Here is one set of plugins I did: https://www.tracktion.com/products/daw-essentials-collection

Its really nice to see your work, it does indeed represent the non-skeu way of going, but .. you lost me at knob.

I mean, it is a bit of a cop-out, and you can't go "skeu is the sux" and then .. just use it.

My question to you, then, is: how would you re-do the knob? It is a uniquely viable control; but lets say you -had- to get rid of it. What, then?

Sliders. Tracktion Waveform, the DAW I also work on uses almost no knobs. (I think the only one is pan on the mixer). The problem with them is that they are big. When we don't have room we make them small and then a bigger one pops up when you click on it.
Check out the UI of Adobe Photoshop.

They use numeric text boxes which also pop a slider when given focus.

You can also let the users drag the textbox left and right directly (with some visual cue), thus achieving the same functionality as the current implementation, but still without getting in the way of someone who just prefers to use the textbox normally.

No experience with this exact tool, but I use Reason which is a DAW with a Skeumorphic UI (right down to connecting components with virtual wires) and I find knob-fiddling to work just fine for me. The knobs read from my mouse scroll wheel when I hover the cursor over them. And in some (most?) cases, there's also a value field I can edit directly if I want to be precise.

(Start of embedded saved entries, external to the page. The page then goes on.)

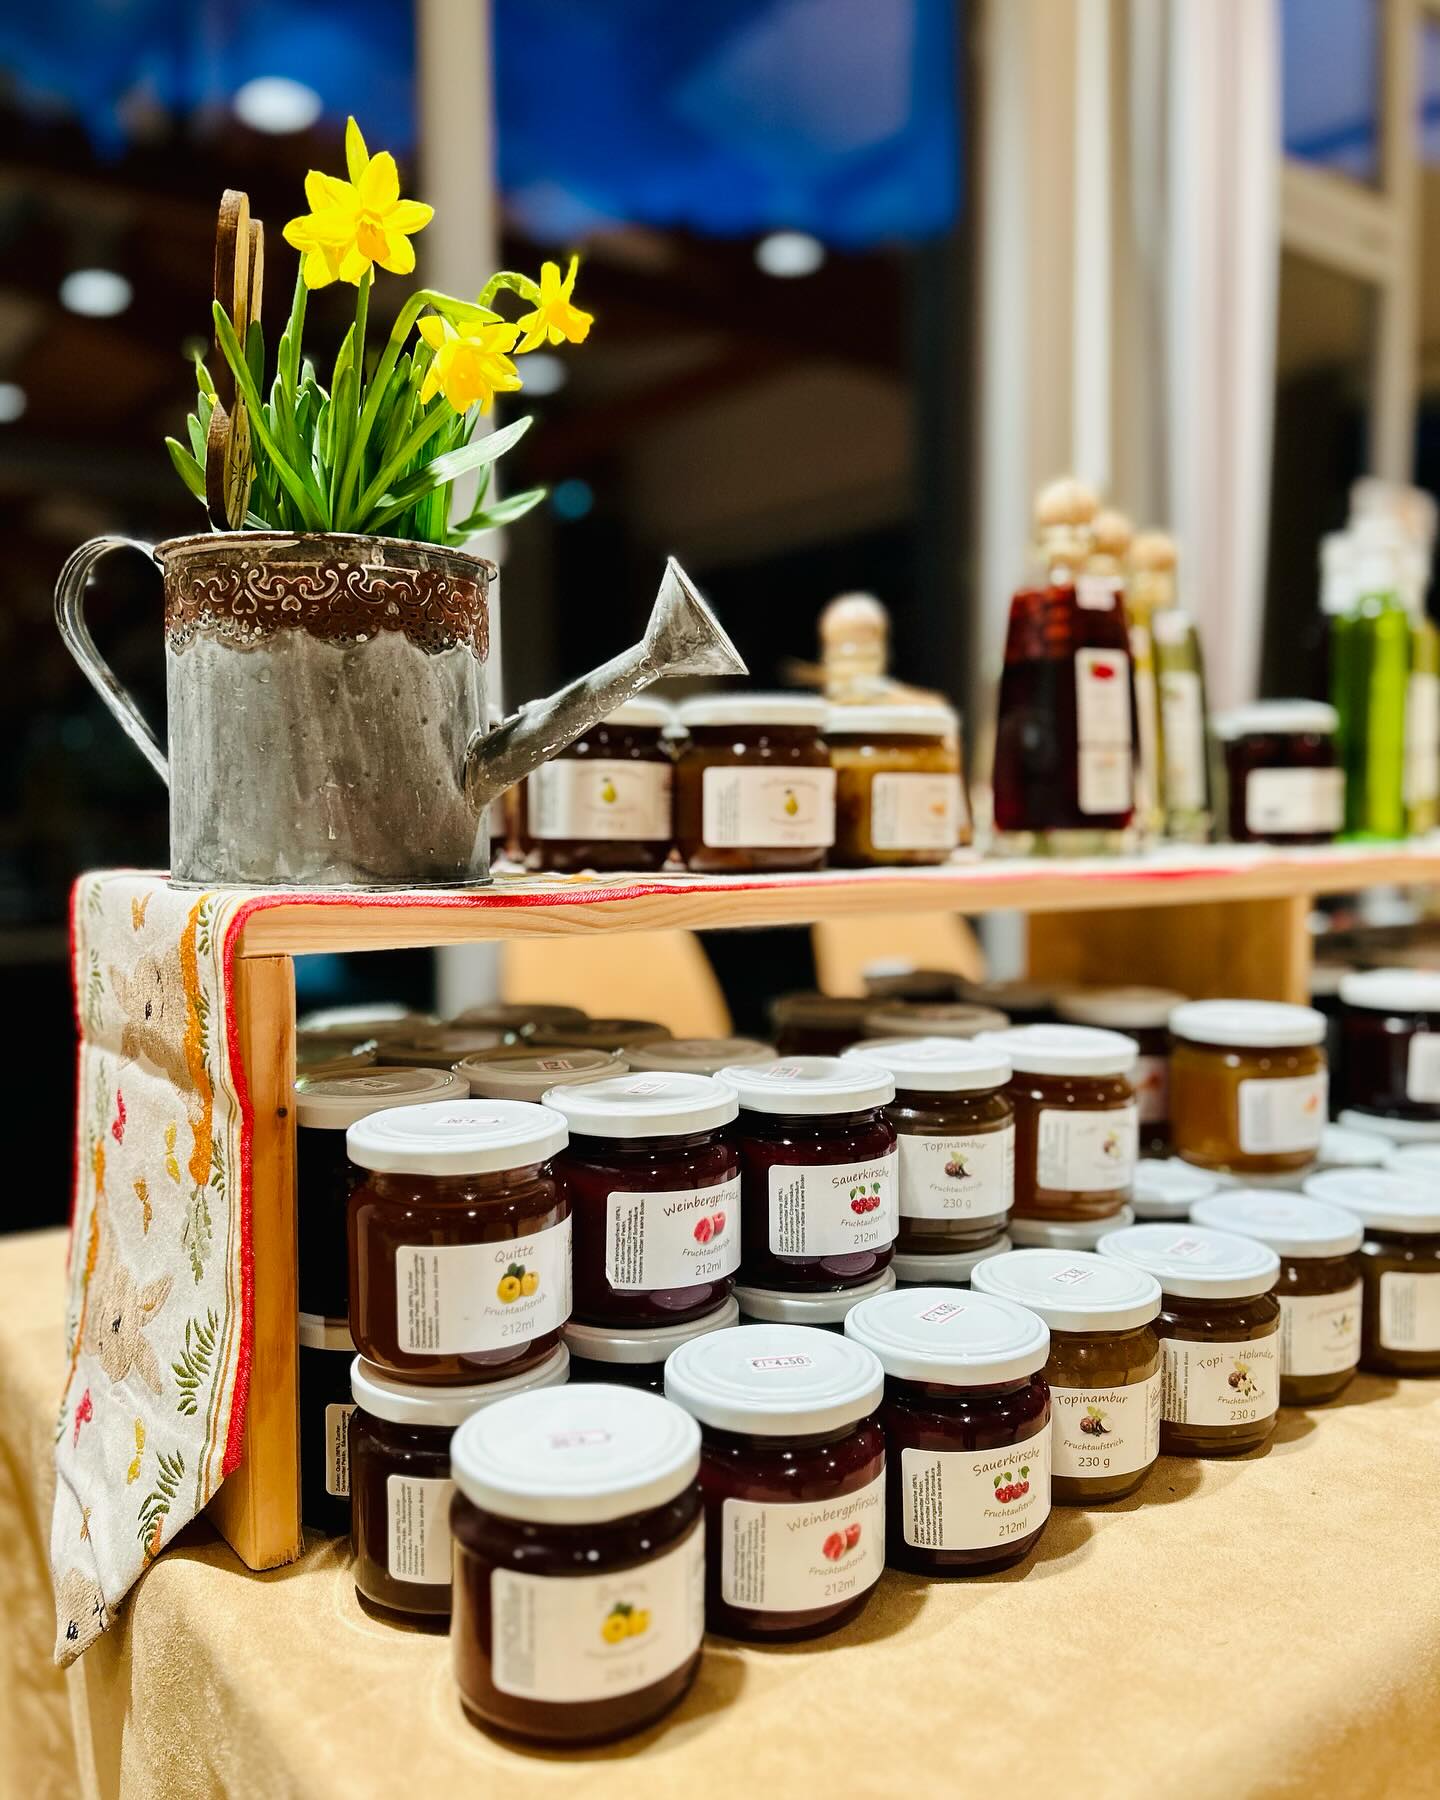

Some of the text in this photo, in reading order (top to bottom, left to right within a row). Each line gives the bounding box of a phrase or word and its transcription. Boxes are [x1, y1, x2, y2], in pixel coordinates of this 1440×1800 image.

[831, 1165, 889, 1189] Sauerkirsche
[943, 1198, 972, 1209] 230 g
[853, 1229, 880, 1245] 212ml
[494, 1245, 535, 1264] Quitte
[695, 1259, 722, 1276] 212ml
[501, 1317, 535, 1337] 212ml
[1197, 1353, 1223, 1369] Topi
[1055, 1391, 1128, 1408] Topinambur
[1230, 1409, 1256, 1421] 230 g
[1063, 1438, 1124, 1451] Fruchtaufstrich
[972, 1448, 1040, 1477] Sauerkirsche
[1078, 1456, 1110, 1468] 230 g
[998, 1517, 1027, 1537] 212ml
[824, 1576, 856, 1596] 212ml

Or if I want to automate a gradual knob change over time as the song plays, I can either record myself "scrolling" the knob or draw the change into an automation track (and again, can set precise values for knob values at precise times if I want to).

But of course, professionals own hardware that they connect to the DAW, which renders most of that stuff irrelevant.

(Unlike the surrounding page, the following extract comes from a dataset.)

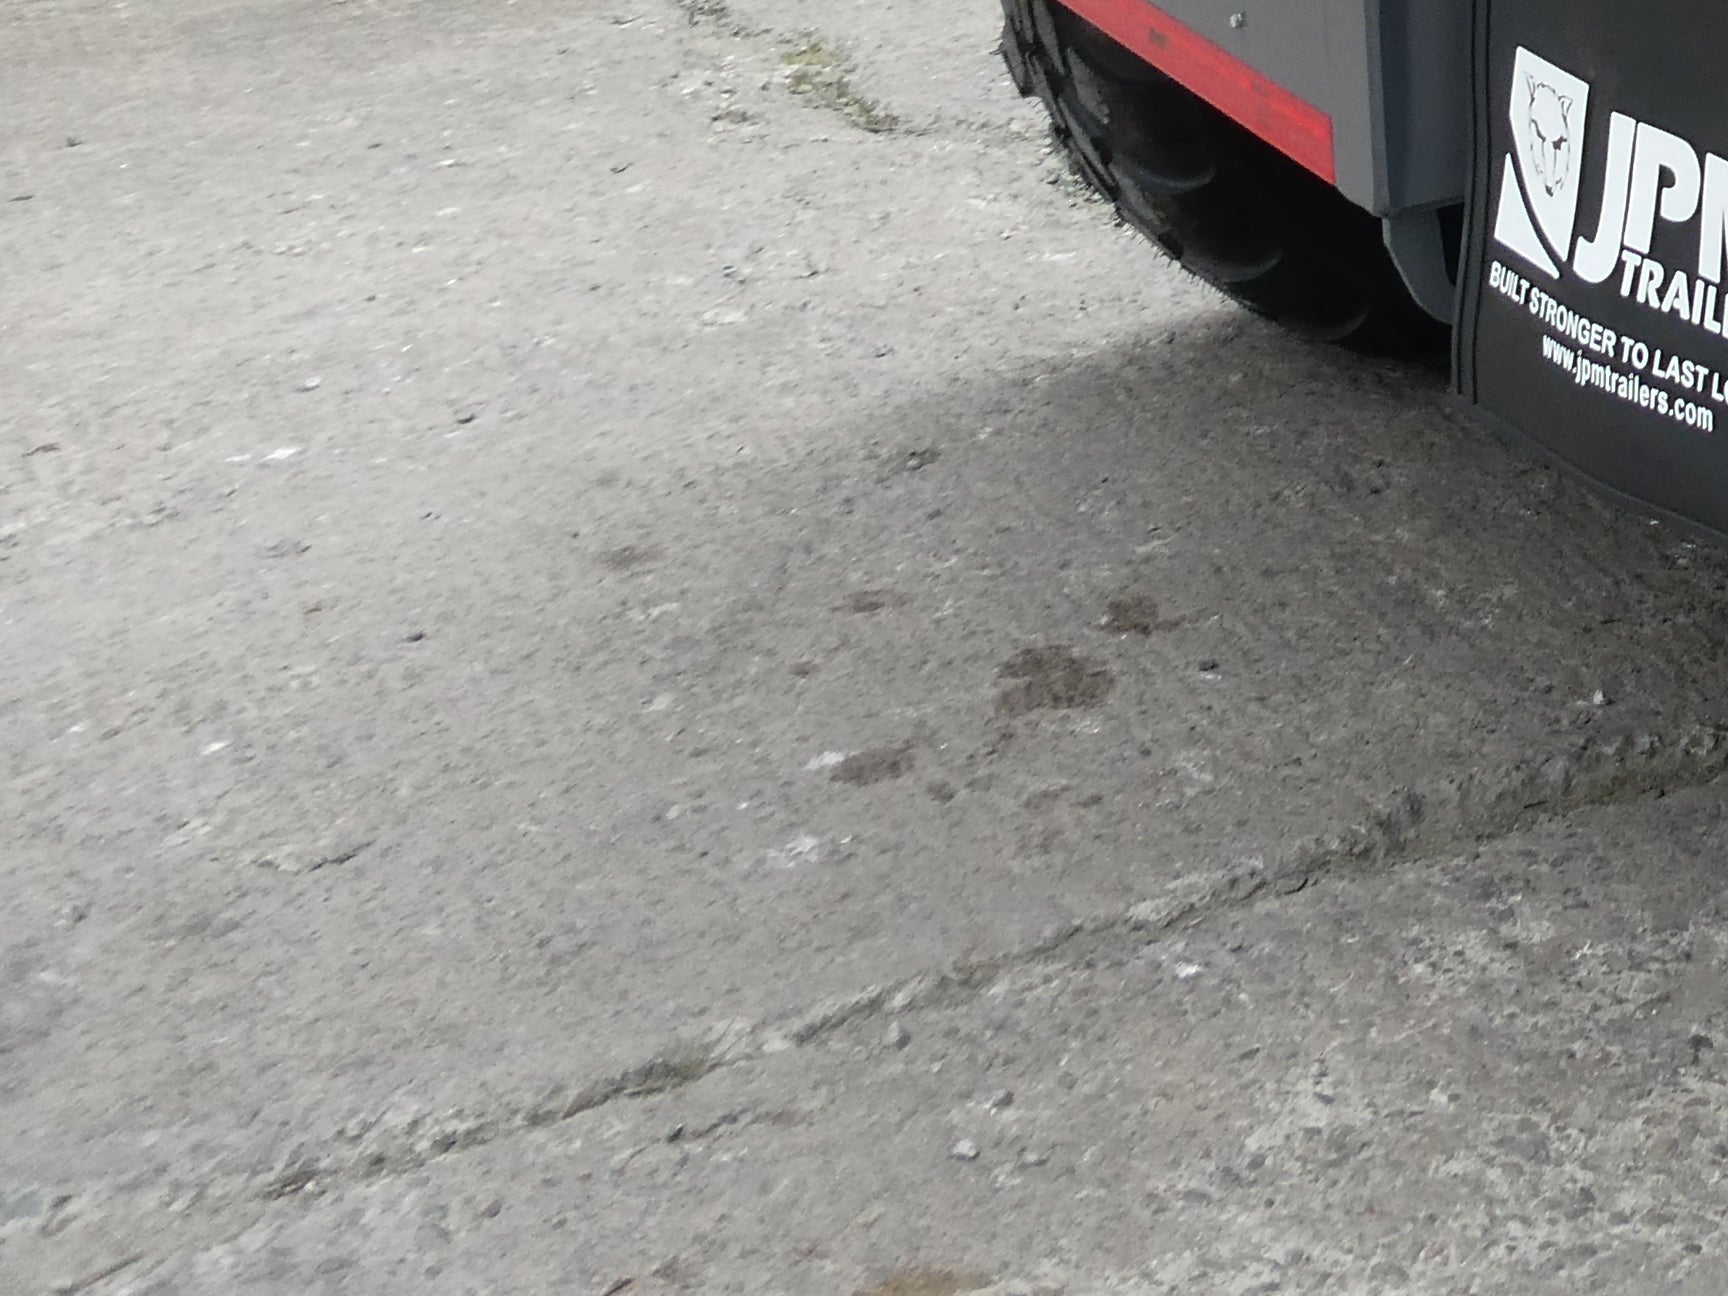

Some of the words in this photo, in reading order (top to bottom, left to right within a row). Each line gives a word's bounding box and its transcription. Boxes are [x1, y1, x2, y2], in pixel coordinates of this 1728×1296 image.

Music plugins have to have skeumorphic UIs, nobody wants to twist generic looking knobs. C'mon man, these are artists, they are not the average muggle.

If designers from this world got ahold of the music scene from that world plugins would get considerably worse, as UI's would be the focus of intense simplification, leaving complex features and their power users by the wayside.

Is there any actual evidence that "nobody wants to twist generic looking knobs"? It seems like a widespread assumption, but I don't know to what extent it's been measured or tested.

I, for example, am a nobody (a hobbyist musician) who dislikes most custom VST UIs. Back in the day, FL Studio (nee Fruityloops) shipped with a bunch of plugins that looked like they had an autogenerated UI, with every parameter getting its own controls (a knob, numeric readout, and visual bar)... and I liked them. No cruft, and it was easy to systematically manipulate each control to determine its effect on the sound.

I know exactly of that auto-generated UI (I also do hobbyist stuff with FL) and I hated it. Different strokes for different folks, I guess.

There's also the unintended side effect that now I know how to operate studio recording equipment because skeumorphic UI taught me how so many of these things work.

No they don't. Best audio software does not have skewmorphic UI's. I personally prefer minimalist looks. Ableton Live is a good example in the other direction.
Again, different strokes for different folks. Ableton is popular but so is FLStudio, iZotope plugins, Cubase, or ProTools. I am thankful this trend towards functional minimalism for ease-of-use is relatively contained in the music software scene.
I would disagree with regards to the usability of knobs. They represent the information that would otherwise be presented in a numeric text box or a slider in a much more compact space (since it's angular vs. linear displacement) and the mouse based interaction generally is the same as a slider (grab and then move vertically to change or move vertically with a modifier for fine grained movement).

There are applications out there which use angular drag/mouse information when grabbing knobs, but they are the tiny minority (and as you can guess there's all sorts of issues doing so).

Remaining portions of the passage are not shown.